> [WHAT TO WORK ON]
Output each record verbatim, with pictures left out.

> [SOURCE MATERIAL]
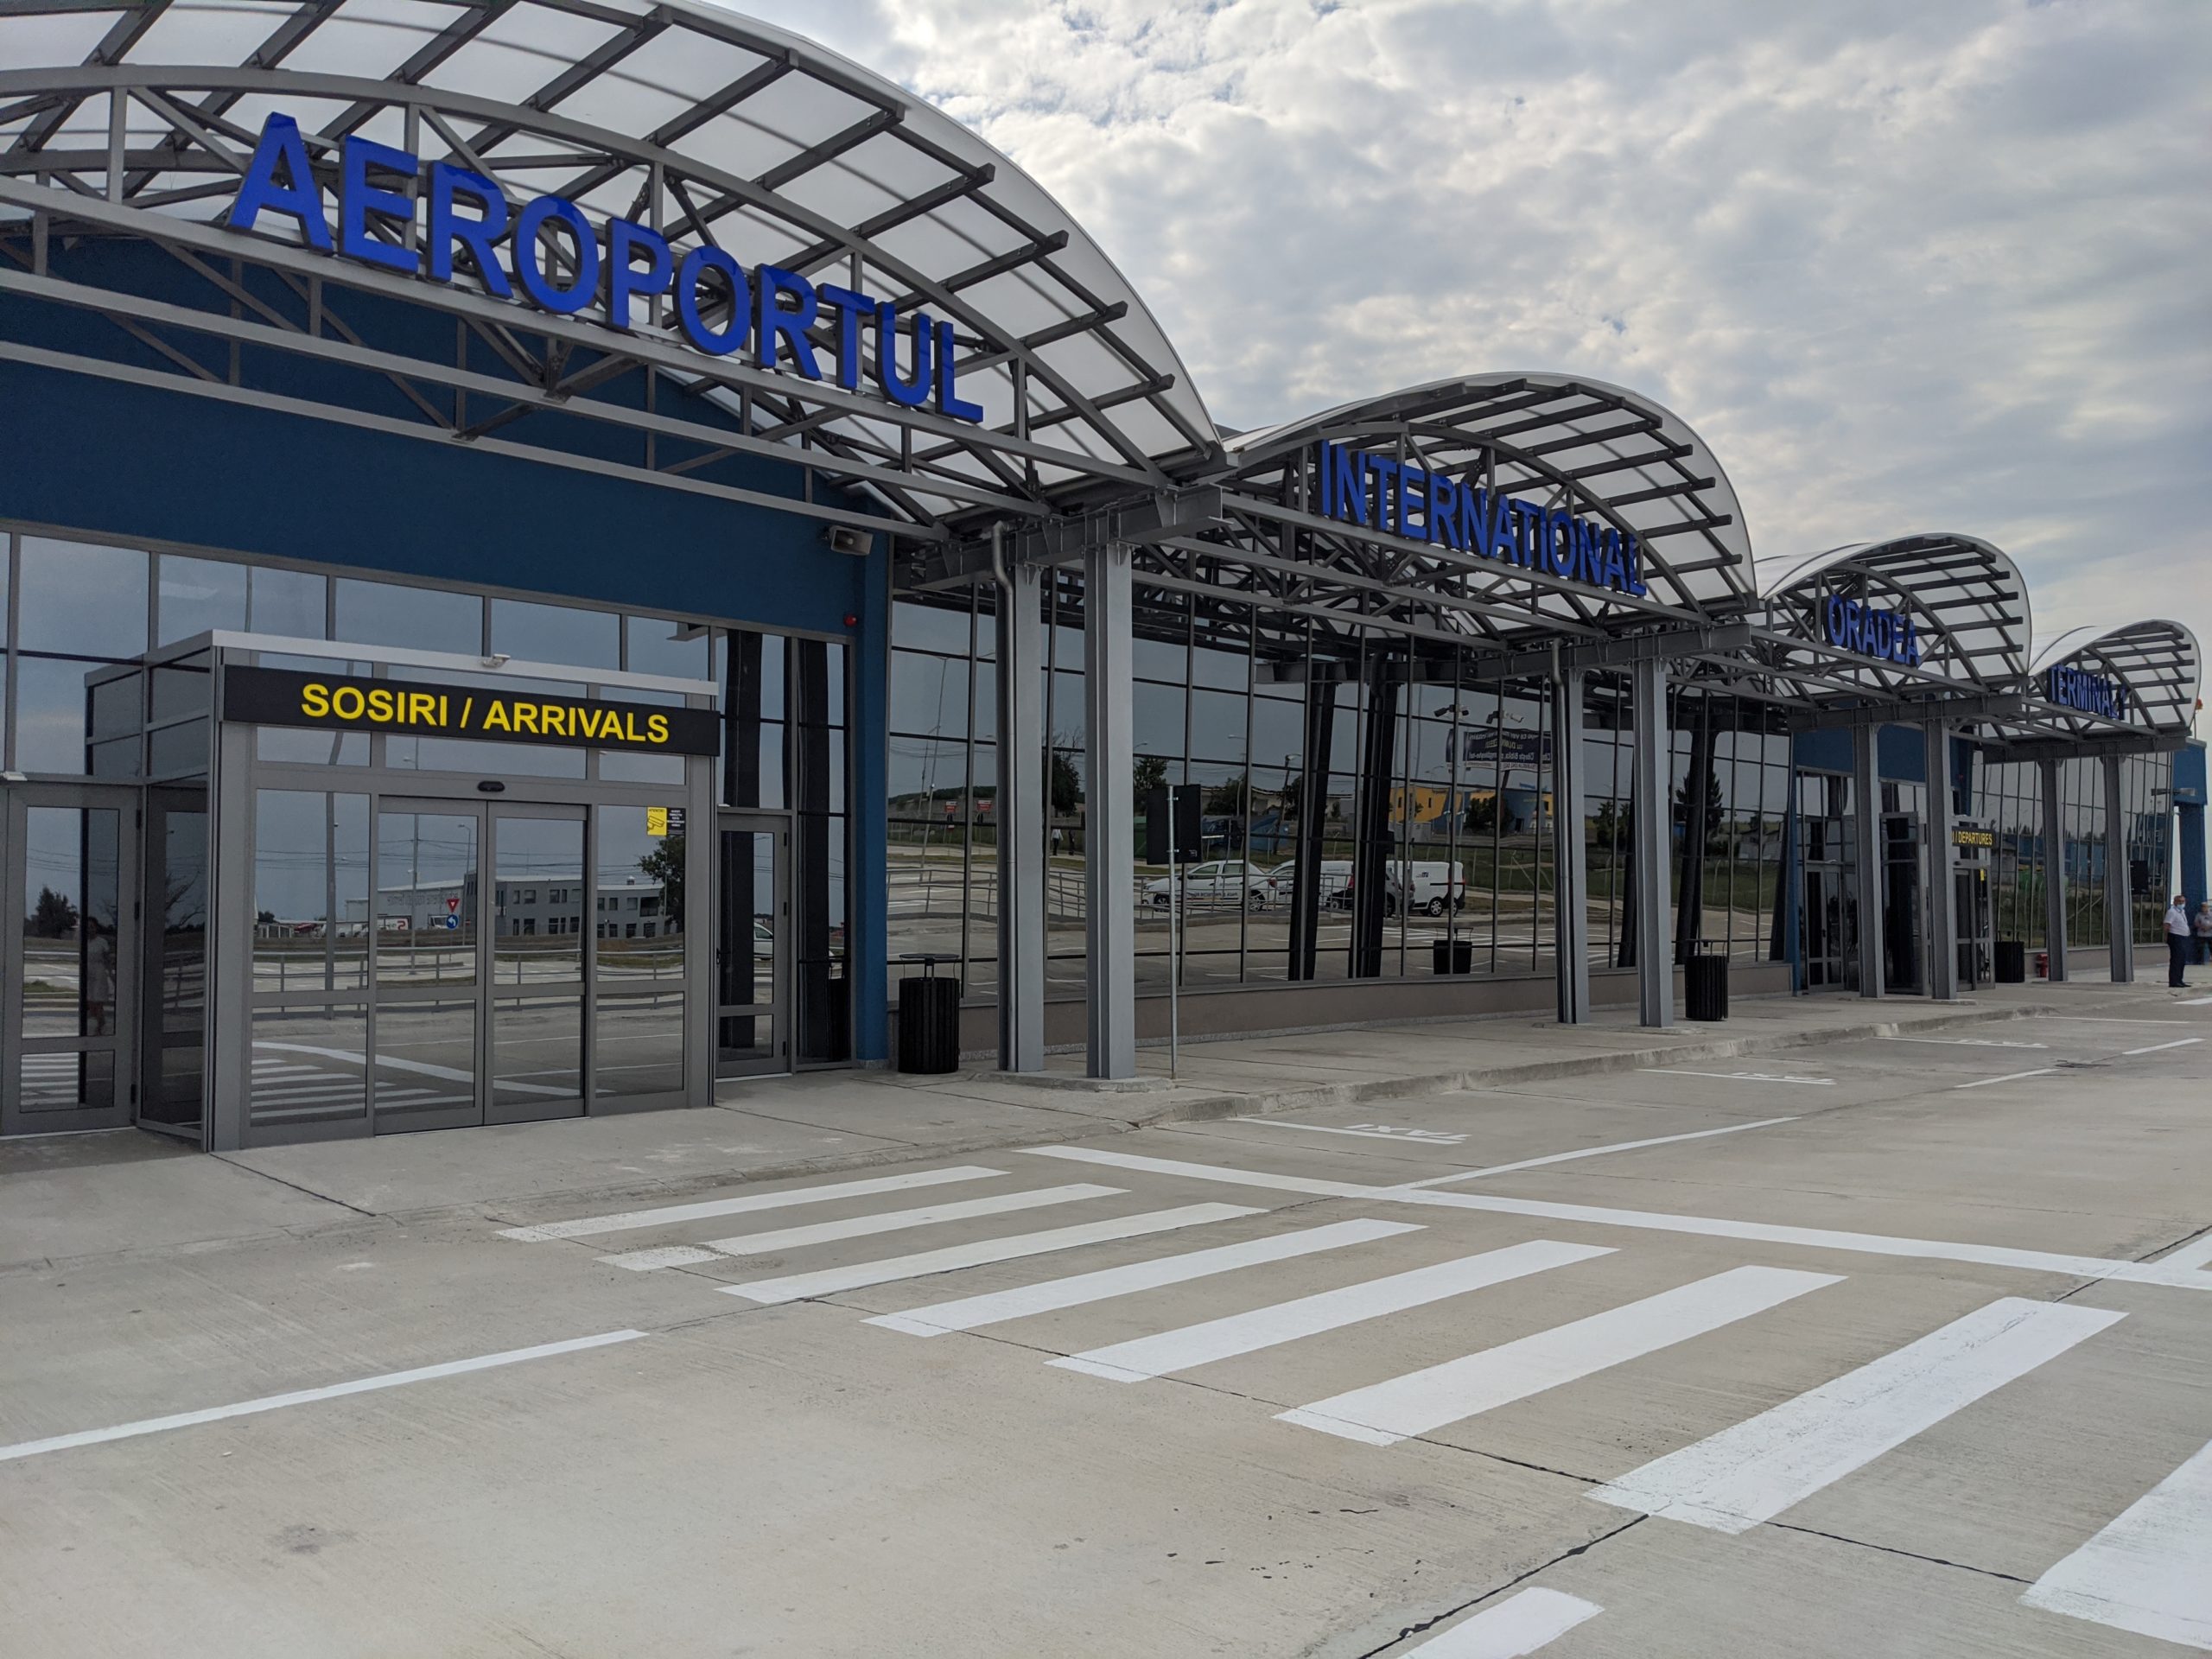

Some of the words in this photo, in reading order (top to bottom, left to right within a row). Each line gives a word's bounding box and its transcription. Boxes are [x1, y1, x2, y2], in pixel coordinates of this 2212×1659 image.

[226, 111, 983, 423] AEROPORTUL
[1317, 439, 1646, 596] INTERNATIONAL
[1827, 594, 1921, 667] ORADEA
[301, 683, 448, 728] SOSIRI
[460, 697, 473, 729] /
[482, 700, 670, 744] ARRIVALS
[2049, 664, 2120, 719] TERMINAL
[1958, 831, 1993, 845] DEPARTURES
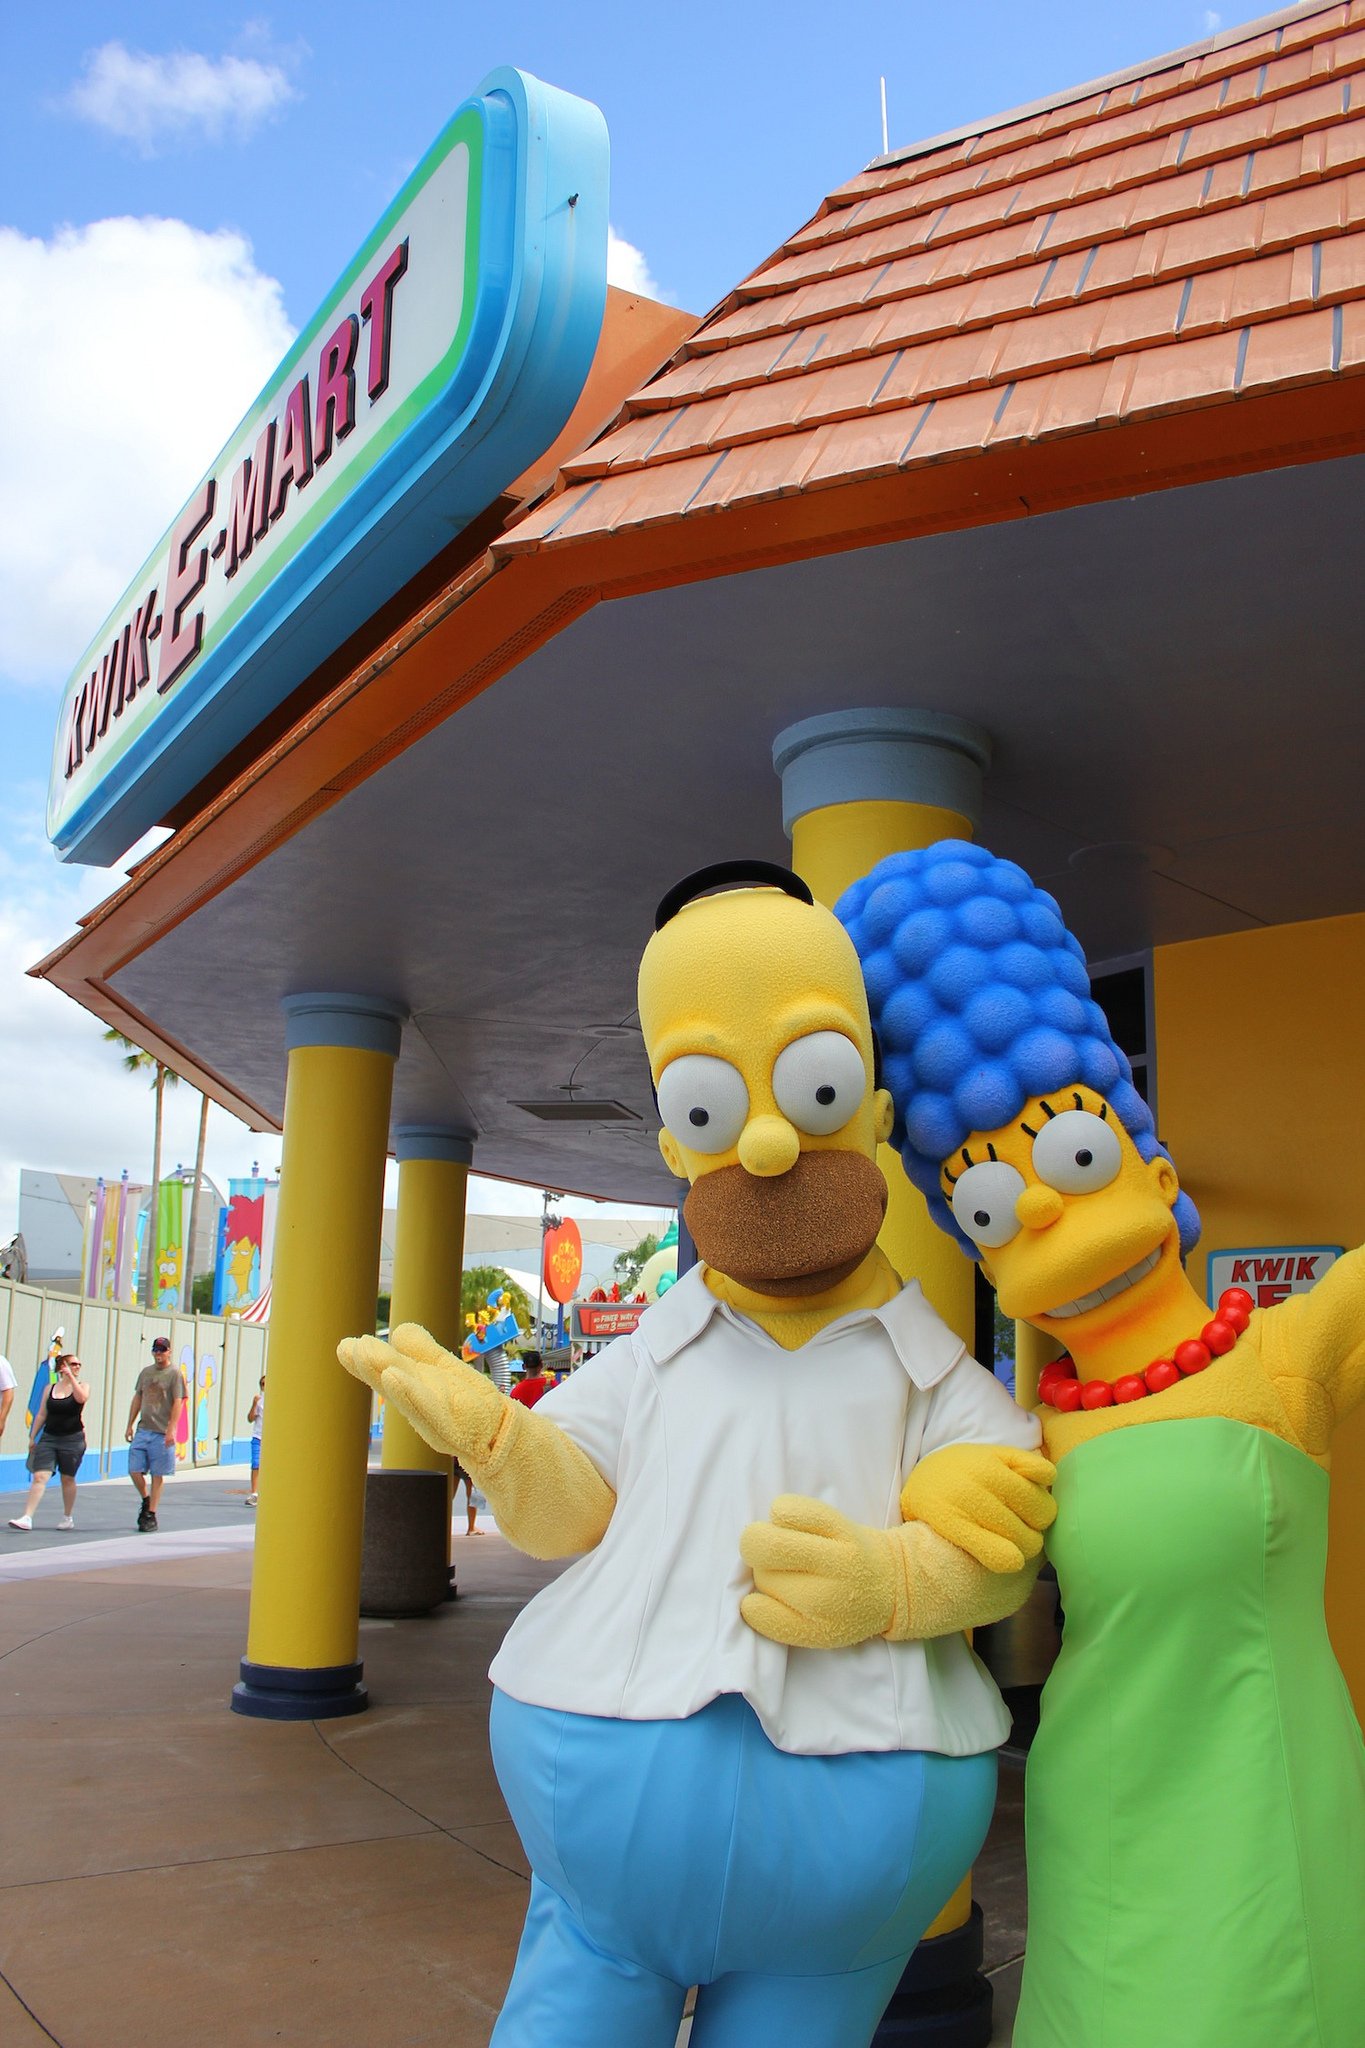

> [SOLUTION TO THIS EXERCISE]
Some of the words in this photo, in reading order (top to bottom, left to right within a row). Each line gives a word's bounding box and its transcription. Boxes are [x1, y1, x2, y2], in pixel coordinates of this 2212×1659 image.

[226, 111, 983, 423] AEROPORTUL
[1317, 439, 1646, 596] INTERNATIONAL
[1827, 594, 1921, 667] ORADEA
[301, 683, 448, 728] SOSIRI
[460, 697, 473, 729] /
[482, 700, 670, 744] ARRIVALS
[2049, 664, 2120, 719] TERMINAL
[1958, 831, 1993, 845] DEPARTURES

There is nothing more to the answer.